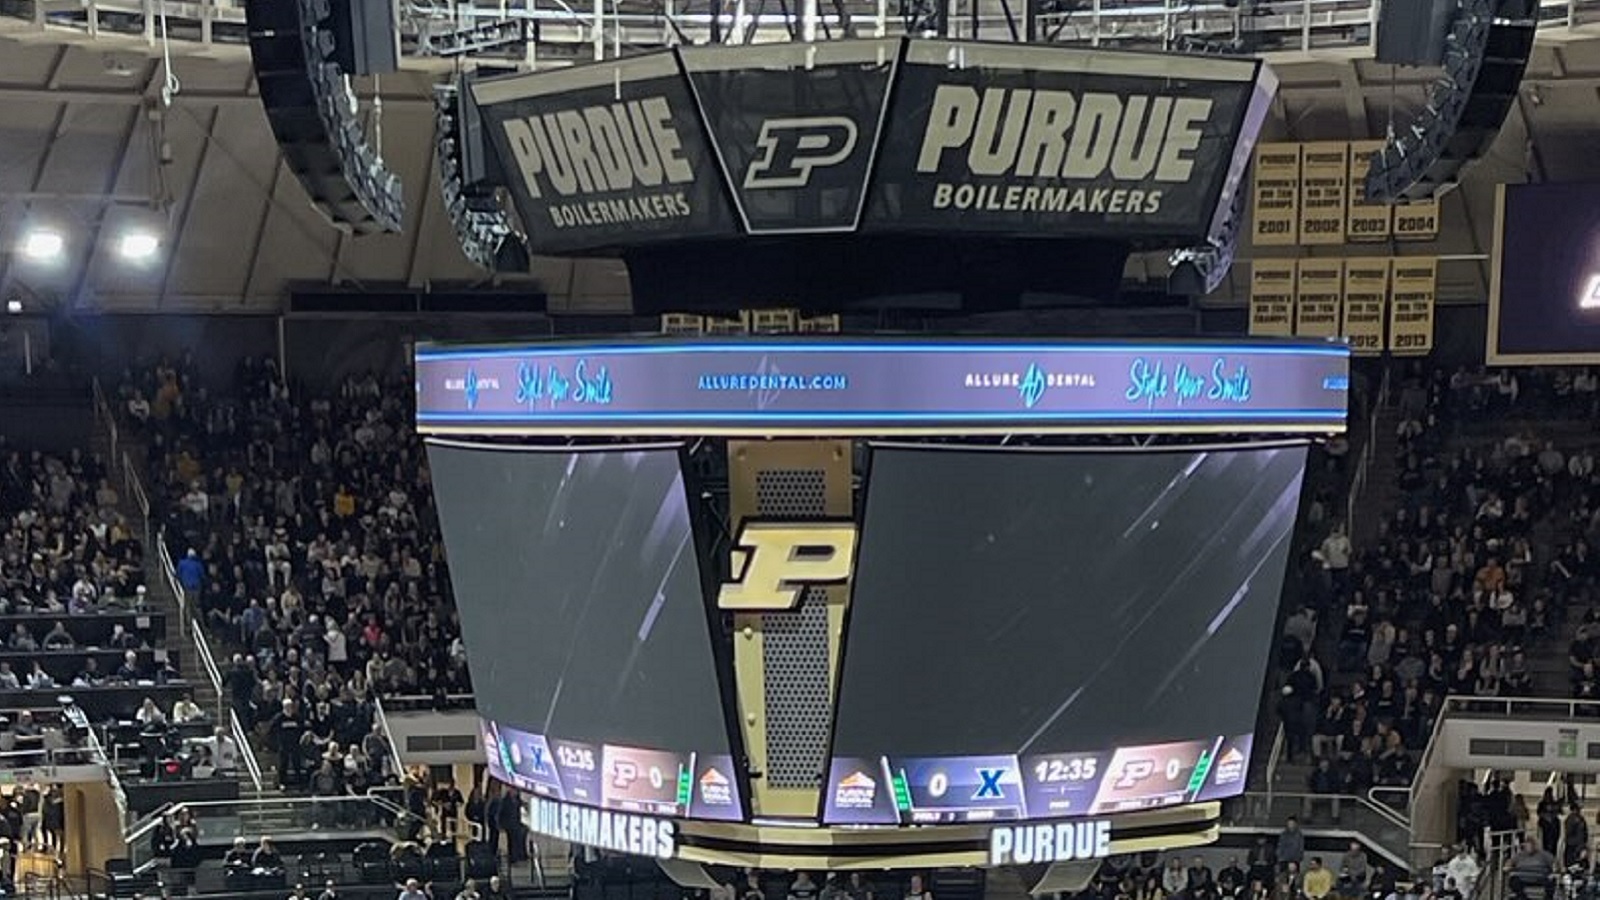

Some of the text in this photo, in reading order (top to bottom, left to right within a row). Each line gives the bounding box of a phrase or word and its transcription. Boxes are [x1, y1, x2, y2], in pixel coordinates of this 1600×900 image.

[917, 85, 1212, 181] PURDUE
[503, 96, 694, 198] PURDUE
[744, 116, 858, 188] P
[550, 193, 690, 227] BOILERMAKERS
[933, 184, 1162, 213] BOILERMAKERS
[1259, 220, 1290, 233] 2001
[1304, 219, 1340, 233] 2002
[1352, 218, 1386, 231] 2003
[1398, 217, 1434, 231] 2004
[1395, 334, 1426, 347] 2013
[572, 358, 613, 404] Smile
[698, 375, 847, 390] ALLUREDENTAL.COM
[965, 373, 1020, 388] ALLURE
[1047, 373, 1096, 387] DENTAL
[1126, 358, 1250, 410] Style Your Smile
[718, 522, 858, 609] P
[557, 745, 595, 771] 12:35
[1035, 758, 1097, 782] 12:35
[1166, 758, 1181, 781] 0
[649, 767, 663, 789] 0
[929, 768, 1007, 800] 0 X
[528, 797, 676, 860] BOILERMAKERS
[990, 820, 1112, 866] PURDUE

→ **What the task asks**
Every record above should be duplicated precisely, with the images removed.

→ **Solution below**
Some of the text in this photo, in reading order (top to bottom, left to right within a row). Each line gives the bounding box of a phrase or word and its transcription. Boxes are [x1, y1, x2, y2], in pixel coordinates of this 1600×900 image.

[917, 85, 1212, 181] PURDUE
[503, 96, 694, 198] PURDUE
[744, 116, 858, 188] P
[550, 193, 690, 227] BOILERMAKERS
[933, 184, 1162, 213] BOILERMAKERS
[1259, 220, 1290, 233] 2001
[1304, 219, 1340, 233] 2002
[1352, 218, 1386, 231] 2003
[1398, 217, 1434, 231] 2004
[1395, 334, 1426, 347] 2013
[572, 358, 613, 404] Smile
[698, 375, 847, 390] ALLUREDENTAL.COM
[965, 373, 1020, 388] ALLURE
[1047, 373, 1096, 387] DENTAL
[1126, 358, 1250, 410] Style Your Smile
[718, 522, 858, 609] P
[557, 745, 595, 771] 12:35
[1035, 758, 1097, 782] 12:35
[1166, 758, 1181, 781] 0
[649, 767, 663, 789] 0
[929, 768, 1007, 800] 0 X
[528, 797, 676, 860] BOILERMAKERS
[990, 820, 1112, 866] PURDUE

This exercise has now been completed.